Her eyes brightened at that, the hint of a smile at the corners of her mouth. Skyler pulled her into a gentle embrace before she might catch any stray emotion in his own gaze, then let her go when he caught the scent of her hair. A slight hint of vanilla and cinnamon there that reminded him of their first meeting. She’d been disguised as a maintenance worker then, and full of the kind of confidence that can only come from almost total ignorance of what lies ahead.

She held him by the arms, studying his face. For an odd, uncomfortable second he thought she might be expecting him to lean in and kiss her. Instead she tilted her head, one eyebrow arching slightly. “Say something; this is getting weird.”


“‘Thanks for saving my life, Tania’? ‘Thanks for the air’?” Her eyes narrowed slightly at his continued silence. “‘Glad you’re not dead, Tania’? ‘How’s the food in this place’?”

Skyler shook his head. “I would have given you my air, had I known how to do that. Nice trick, by the way.”

“Well, for once I was the one who had a survival technique up their sleeve.”

“I …” He paused, trying foolishly to find the perfect thing to say. “You shouldn’t have done it, Tania. I’m nobody. It was more important that you make it back.”

“Stop,” she said with a perfect mix of strength and finality. “First, that’s bullshit. Second, what I did I’d do again without hesitation. You would, too, if you knew how, so if you’re mad that I beat you to the idea …”

“I just …” He chewed his lip. “If you’d died—”

“I didn’t, though. Okay, okay, technically that’s not true.”


“Moot point; they found us in time.”


“The fact remains. Dr. Brooks says I need to take it easy, and by that I think she means not to have conversations like this. So we’ll table it, all right?”

“Okay,” Skyler said. Absently he rubbed his shoulder. Old wound, old habit. “Well, um. I’m glad you’re not dead. How’s the food in this place?”

She laughed, and a bit of the vigor he’d seen so often before returned to her cheeks and her eyes.

A few seconds of silence passed. Tania sat there, studying her hands. Then she closed her eyes. At the same instant, her hands clasped together. “I have to tell you something, and there’s no easy way to do it.”

“This always leads to a fun conversation.”

“Just … listen. And try to withhold judgment.” She took a breath, exhaled, and looked at him with absolute sincerity. “There’s only one more Builder event.”

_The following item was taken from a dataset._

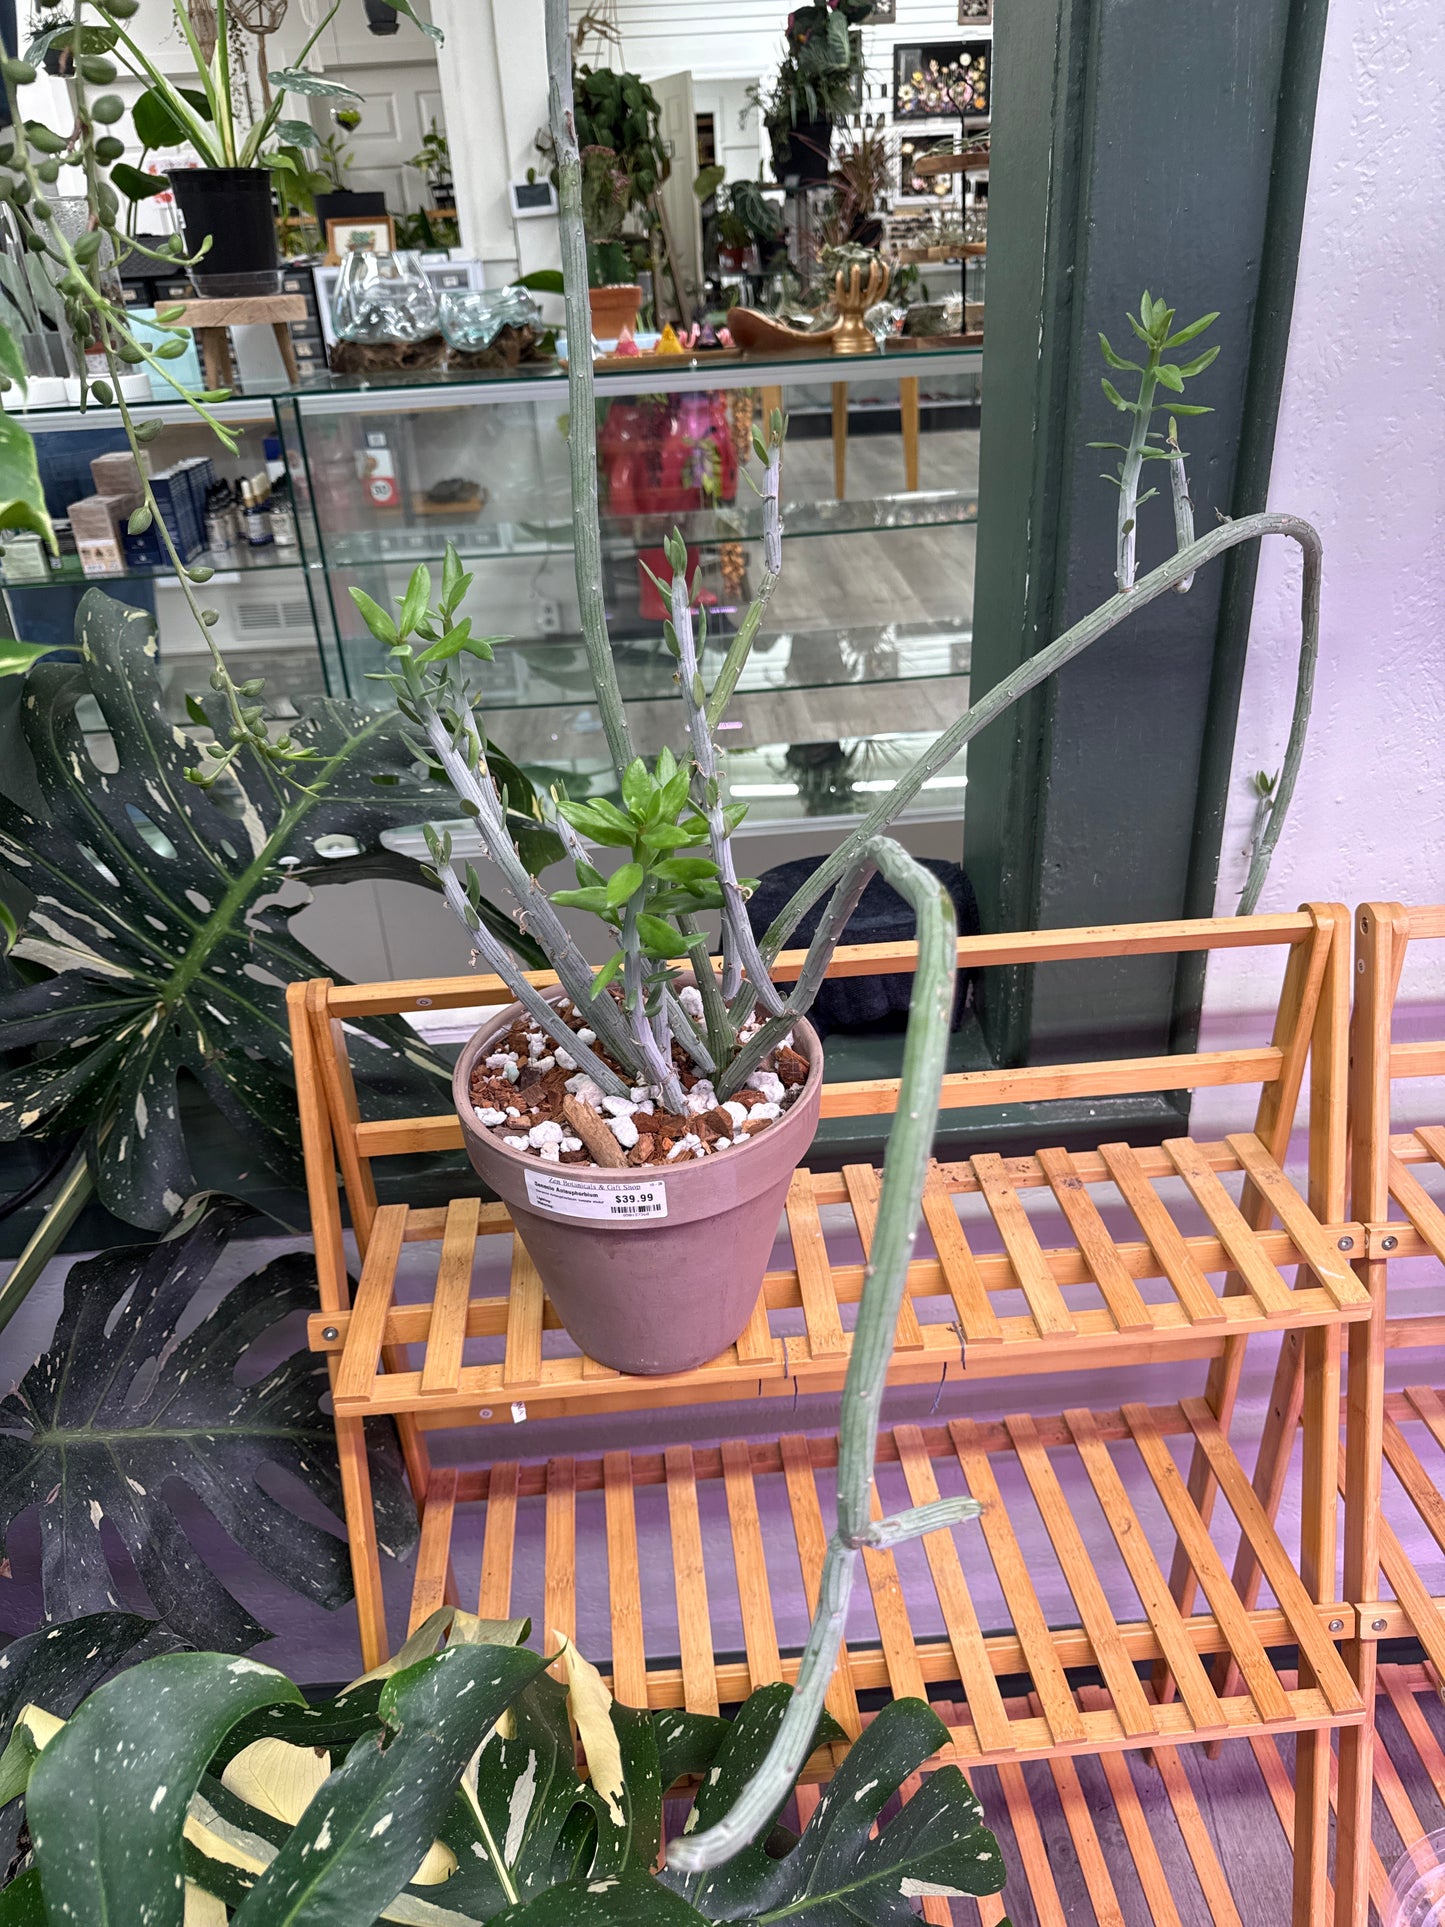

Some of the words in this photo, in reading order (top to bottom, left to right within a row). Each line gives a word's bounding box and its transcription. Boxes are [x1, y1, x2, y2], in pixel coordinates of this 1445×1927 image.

[548, 1177, 561, 1185] Zen
[562, 1180, 597, 1190] Botanicals
[615, 1193, 654, 1203] $39.99
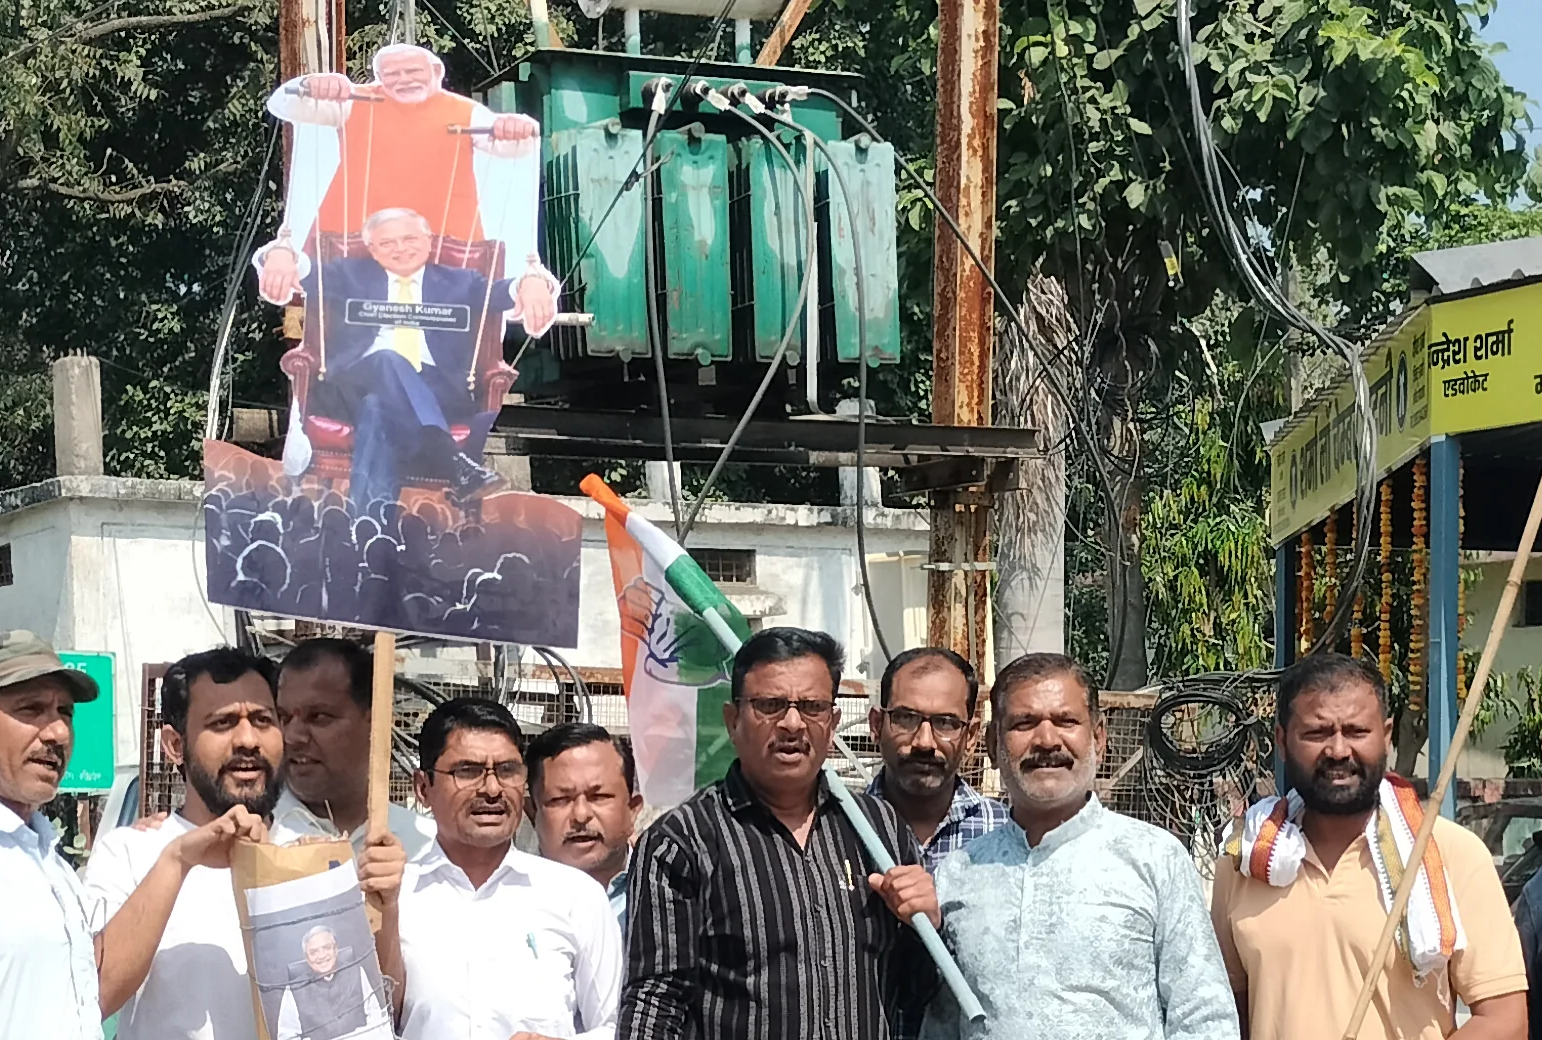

He’d expected, well, anything but that. “Pardon?”

“After this ship’s arrival, there’s only one event left in this … sequence.”

“How can you possibly know that?”

“Because,” she said, and paused. Another deep breath.

Skyler felt a tingle ripple across his scalp and down the center of his back. The room seemed to go totally silent.

“It would seem,” Tania said, “that Neil Platz knew more than he was letting on.”

The tingle became an outright chill. Before he could ask the next question, she held up a hand and went on.

“He sent a note to Zane, just before he died. Literally, as Warthen’s men were storming Platz Station. We only found it recently. According to the letter, Neil knew all along. Neil and my father.”

“He—wait, your father?”

She’d closed her eyes again, and nodded solemnly. “Listen for a moment. I’m tired.”


“All the note said, all I know, is that they knew. Somehow, they knew, because something happened before the Darwin Elevator arrived. An earlier event that, at least at some level, explained what was going to happen.”

Skyler felt a flood of realizations pour into his mind from every angle, as if everything that had happened since the moment he left Amsterdam were disconnected pieces of the same puzzle, and Tania had just shown him a glimpse of the picture the pieces were supposed to form once joined. “He f**king knew?”